The Attorney General of the District of Columbia has filed a lawsuit in Superior Court against Facebook over the Cambridge Analytica scandal, accusing the social media network of misleading its users in regards to their privacy and failing to protect their data.
Court documents were filed against Facebook in the Superior Court of the District of Columbia by Attorney General Feneral Karl Racine.
“In our lawsuit, we are seeking to hold Facebook accountable for jeopardizing and exposing the personal information of tens of millions of its users,” Racine told journalists. “We are also seeking to require Facebook to develop new protocols that will safeguard users’ data to ensure this never happens again.”
Racine added that the lawsuit is also “seeking restitution for the consumers who have been hurt as well as appropriate fines and penalties.”
The documents not only point to the Cambridge Analytica scandal, but also refers to special data-sharing agreements Facebook has with certain tech firms, a revelation that was newly published in a bombshell New York Times investigation.
It revealed agreements the social media network had with certain “partner companies” that allowed those partners to get around privacy restrictions and settings to access users’ data. The lawsuit pointed to these as examples of how Facebook has allegedly violated the District of Columbia’s Consumer Protection Procedures Act.

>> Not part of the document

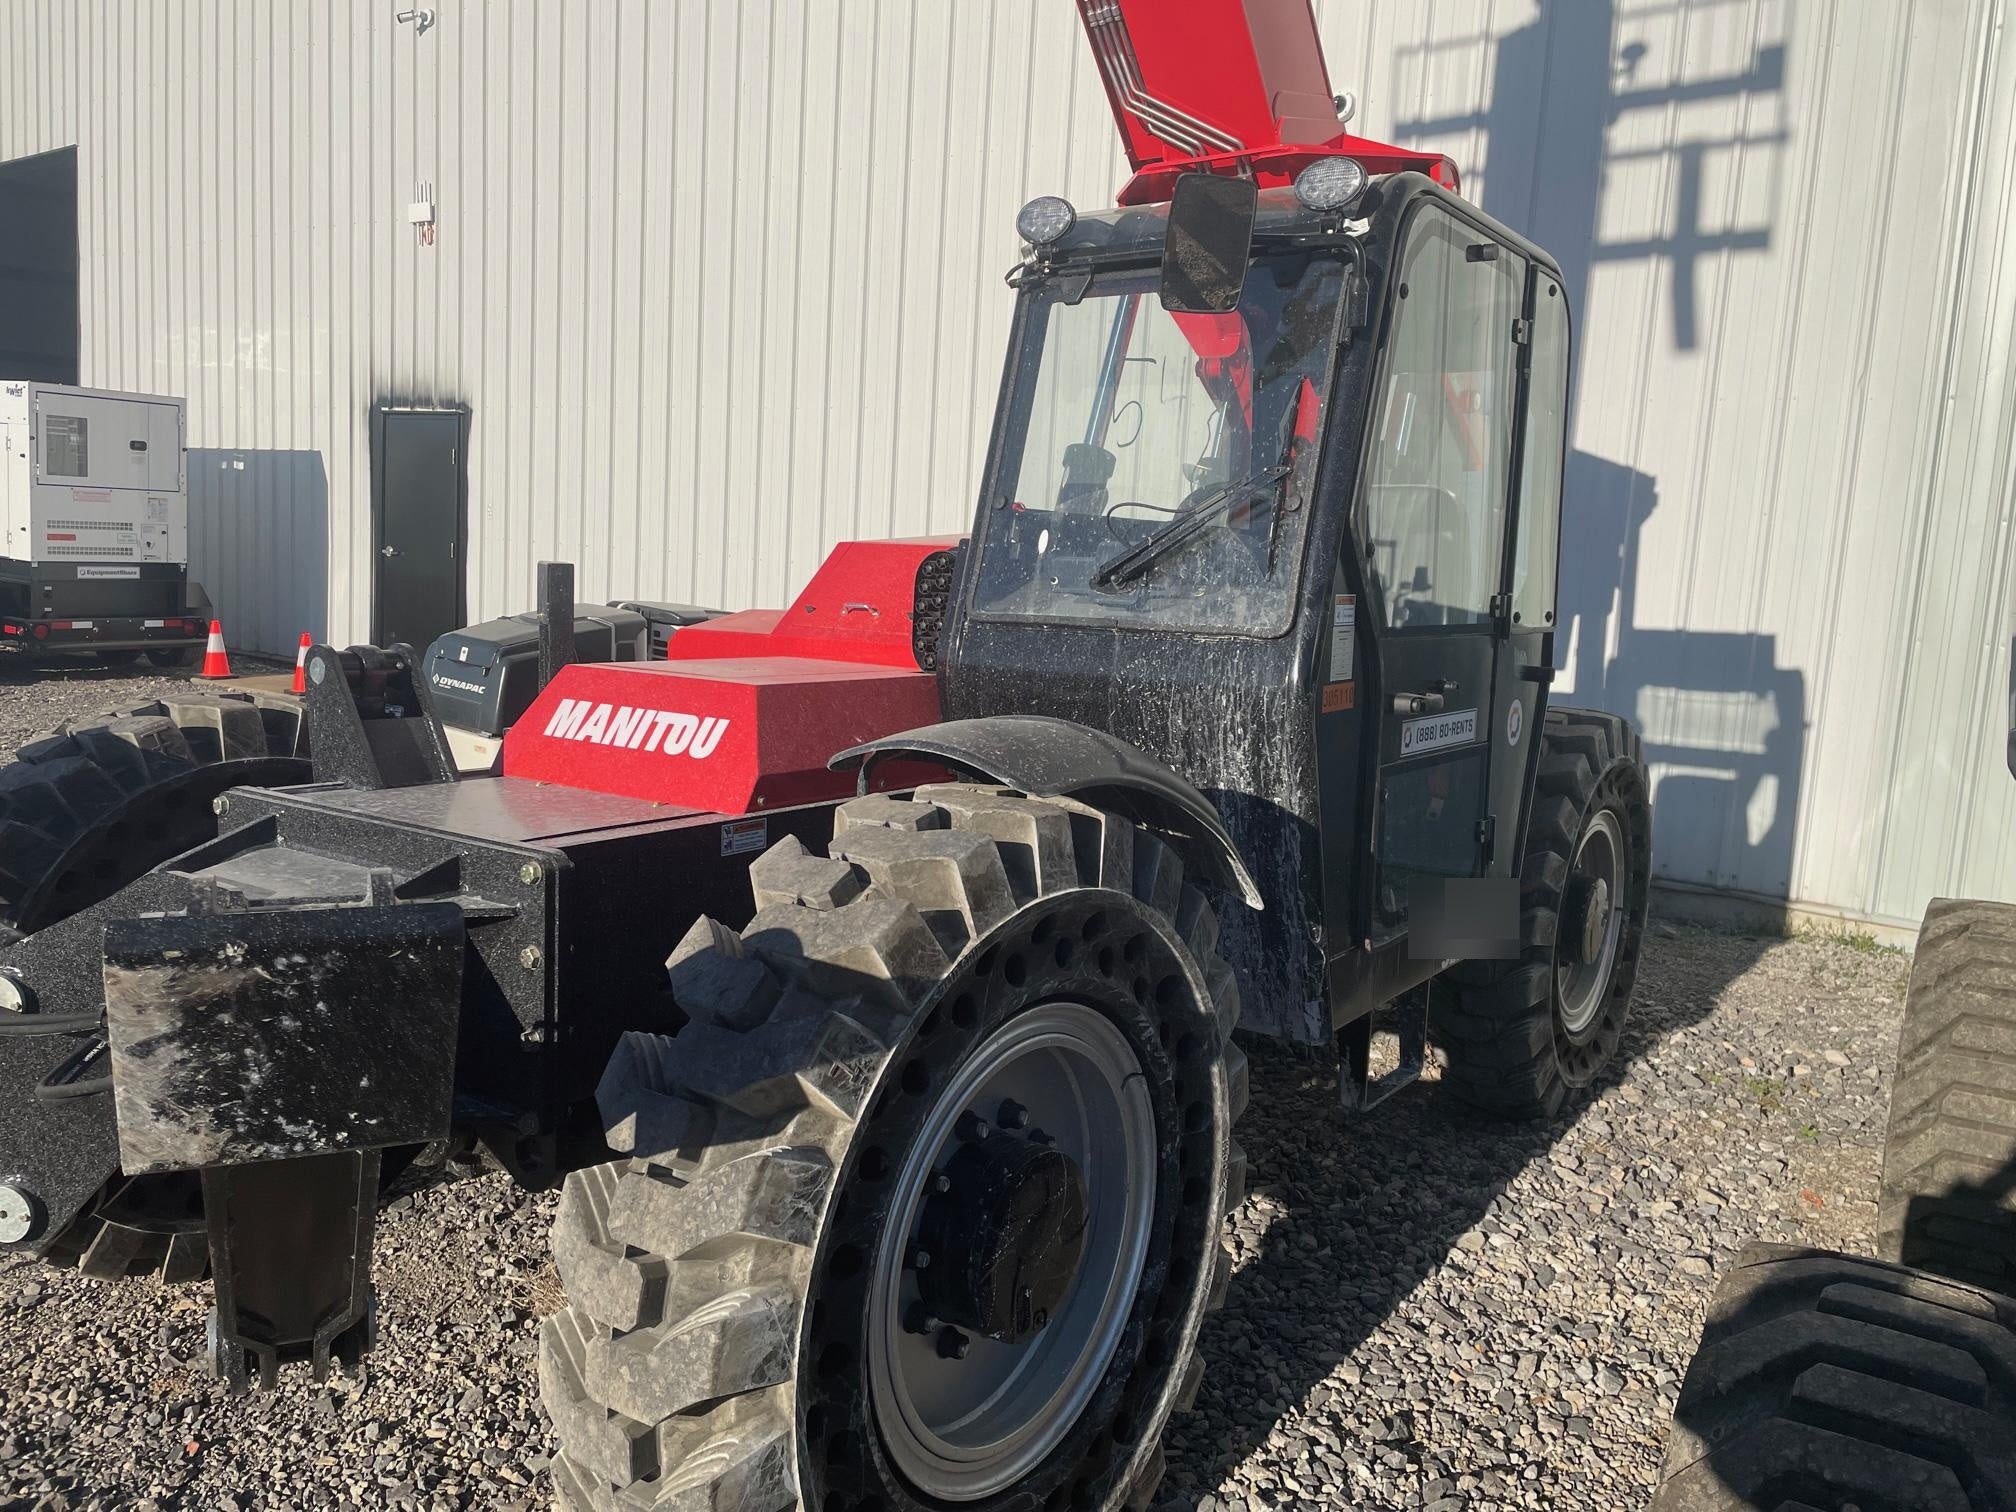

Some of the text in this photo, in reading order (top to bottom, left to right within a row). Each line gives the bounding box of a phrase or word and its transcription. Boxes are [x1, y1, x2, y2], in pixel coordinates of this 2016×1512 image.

[439, 676, 486, 695] DYNAPAC
[543, 698, 730, 759] MANITOU
[1416, 718, 1473, 745] (888) 80-RENTS

The court document said: “In sum, Facebook’s representations regarding consumer privacy in connection with applications were misleading and deceptive. Moreover, Facebook’s lack of adequate disclosures and multi-tiered privacy options added to consumer confusion regarding how consumer information was shared with applications.”
The move by the Attorney General came immediately after the New York Times published a damning report highlighting its investigation into how Facebook gave its certain select tech partners intrusive access to users’ data, including private messages.
In some cases, third-parties were given the ability to read, write or delete these private messages. Further, Facebook allowed access even when users had locked down their privacy settings.
In the court documents, the Attorney General of the District of Columbia alleges that Facebook failed to make timely disclosures about the Cambridge Analytica breach.
The documents say the social media delayed notifying its users of the breach once it became known, and “instead profited from [app developer Aleksandr] Kogan’s and Cambridge Analytica’s misuse of this stolen data by selling millions of dollars of in advertising space to Cambridge Analytica and presidential candidate campaigns during the 2016 election.”